Many of the children’s mothers waited outside of the operating suite nervously. Emotions were high amongst the families today, luckily our team and Guatemalan translators were quick to comfort and explain what the day would look like.

The vast majority of the children we are operating on have cleft lips or palates, which is a malformation of these areas that occurs during fetal development. The cause of these types of clefts are still somewhat unknown. Most experts agree that the causes are multifactorial and may include a genetic predisposition as well as environmental issues such as drug and alcohol use, smoking, maternal illness, infections, or lack of Vitamin B, also known as folic acid.

Pictured above is Abias who is awaiting surgery to repair his right cleft lip .

As of 2015 the global prevalence of Orofacial Clefts (OFCs) is one in 700 live births or 1.56 per 1,000 live births in Northern America. One study conducted in northern Guatemala in 2015 found that the prevalence of OFCs is slightly under two per 1,000 live births. This study concluded that the indigenous communities in north-central Guatemala might have a relatively high cleft lip prevalence rate compared with the global average.
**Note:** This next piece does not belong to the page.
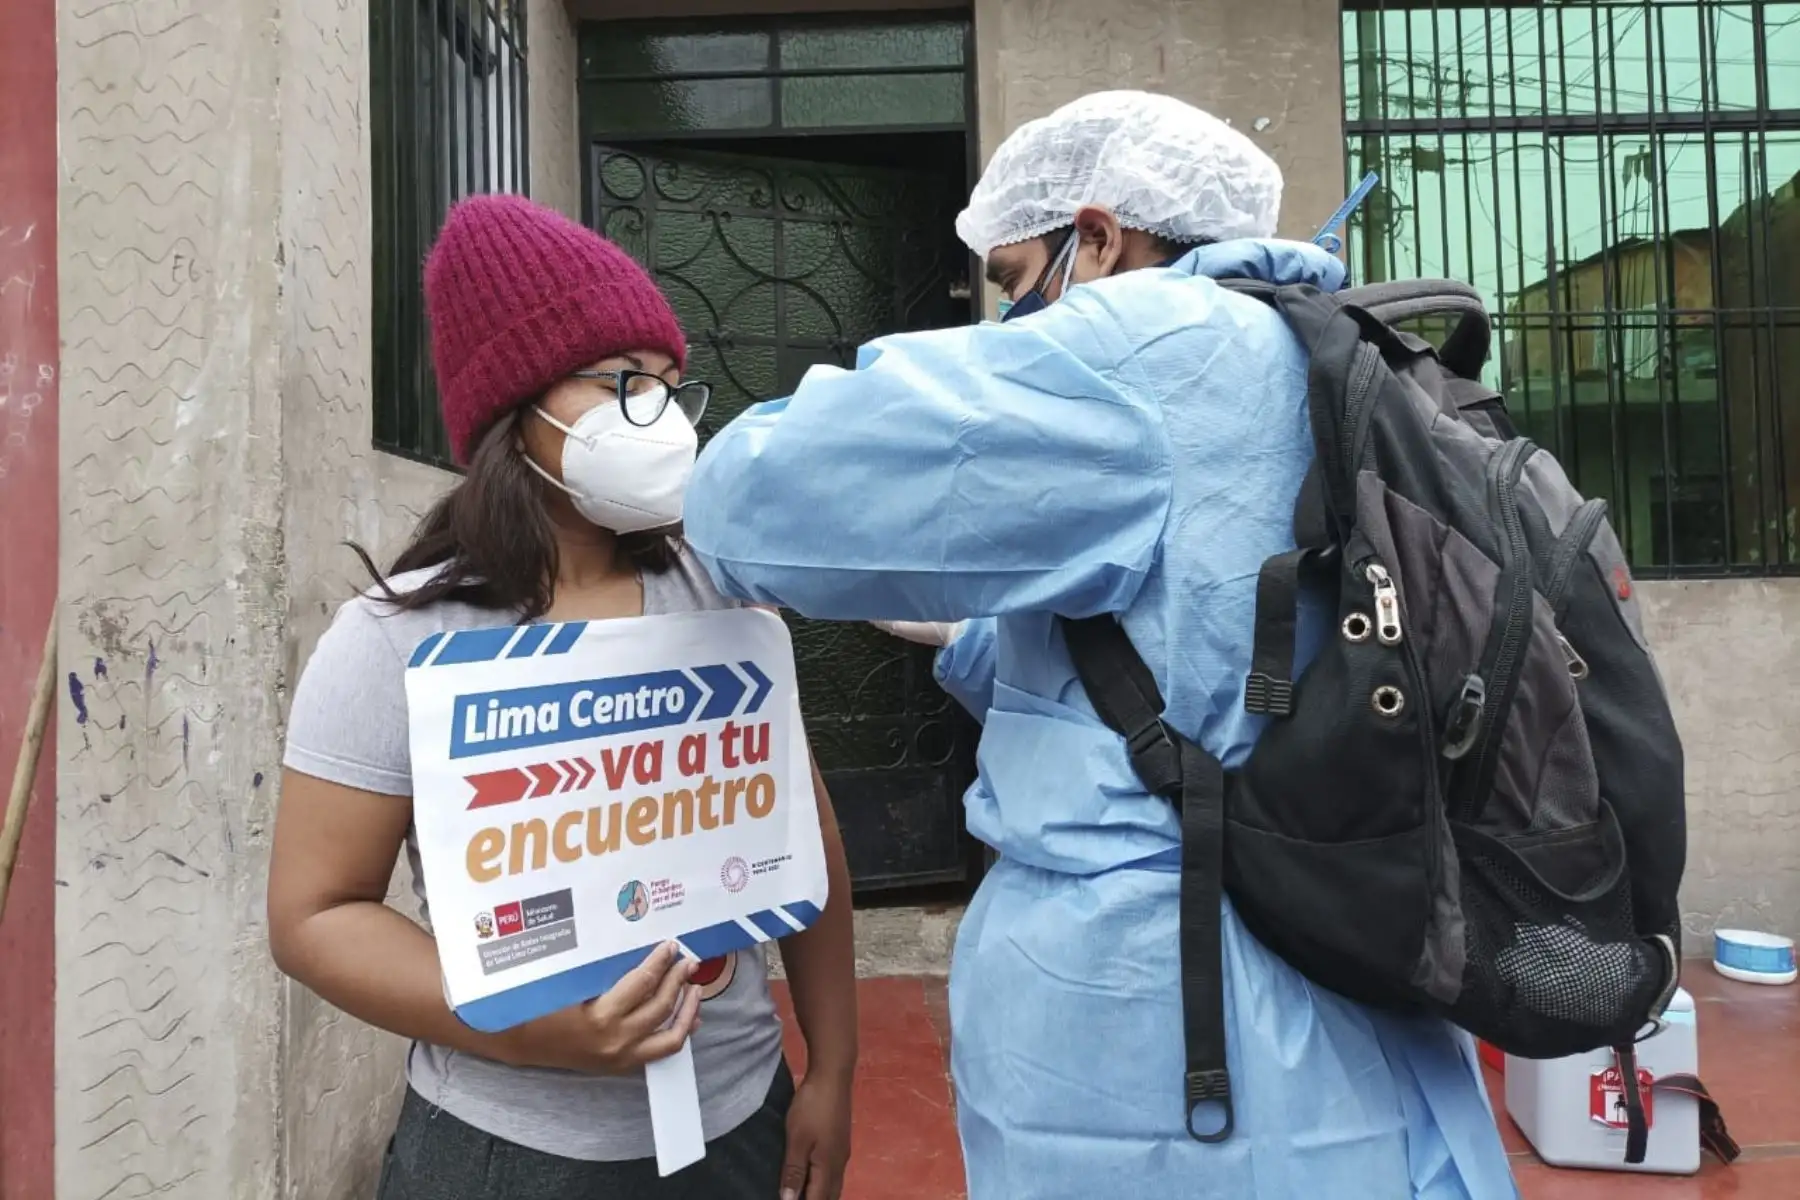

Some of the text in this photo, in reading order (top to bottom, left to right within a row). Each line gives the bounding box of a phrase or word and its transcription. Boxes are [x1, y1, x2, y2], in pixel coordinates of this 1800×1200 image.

[464, 685, 685, 744] Lima Centro
[600, 720, 770, 791] va a tu
[465, 773, 776, 884] encuentro
[498, 910, 519, 926] PERÚ
These numbers may seem unimpressive to the untrained eye, but given the comparison between Guatemala and the Global statistics there is a clear discrepancy. The children in the community we are serving on this mission are in great need of surgical services in order to repair these OFCs. Another factor that contributes to the gravity of our work is that specialists who perform these sometimes difficult surgeries are less abundant here and the population that needs the surgeries are often of low economic status and living in rural or remote areas of the country where surgical services are sparse.

Pictured above: An indigenous woman who traveled with her son Kevin (with bilateral cleft lip and palate) for 7 hours to get here.

Below: Kevin during his first minor procedure for the week. He will remain in the city with his family to be monitored until his bilateral cleft lip is repaired.

Challenges still remain for the families that we are helping. Many have to travel great distances, sometimes up to 7 hours in order to come to our hospital. The financial burden of traveling, taking time away from work, and leaving family members at home prohibit some from being able to seek care.

Given the opportunity to have surgery to reconstruct cleft lips and/or palates many children tend to feel less ostracized in their communities. Too often children with these types of malformations do not attend school, receive jobs or find partners in their communities. Beyond the social implications people with OFCs often have difficulty eating, breathing, speaking and hearing, all of which can be drastically improved with surgery and speech therapy.

As the day winds down the Rotaplast team is ready for some rest before our next day of surgeries.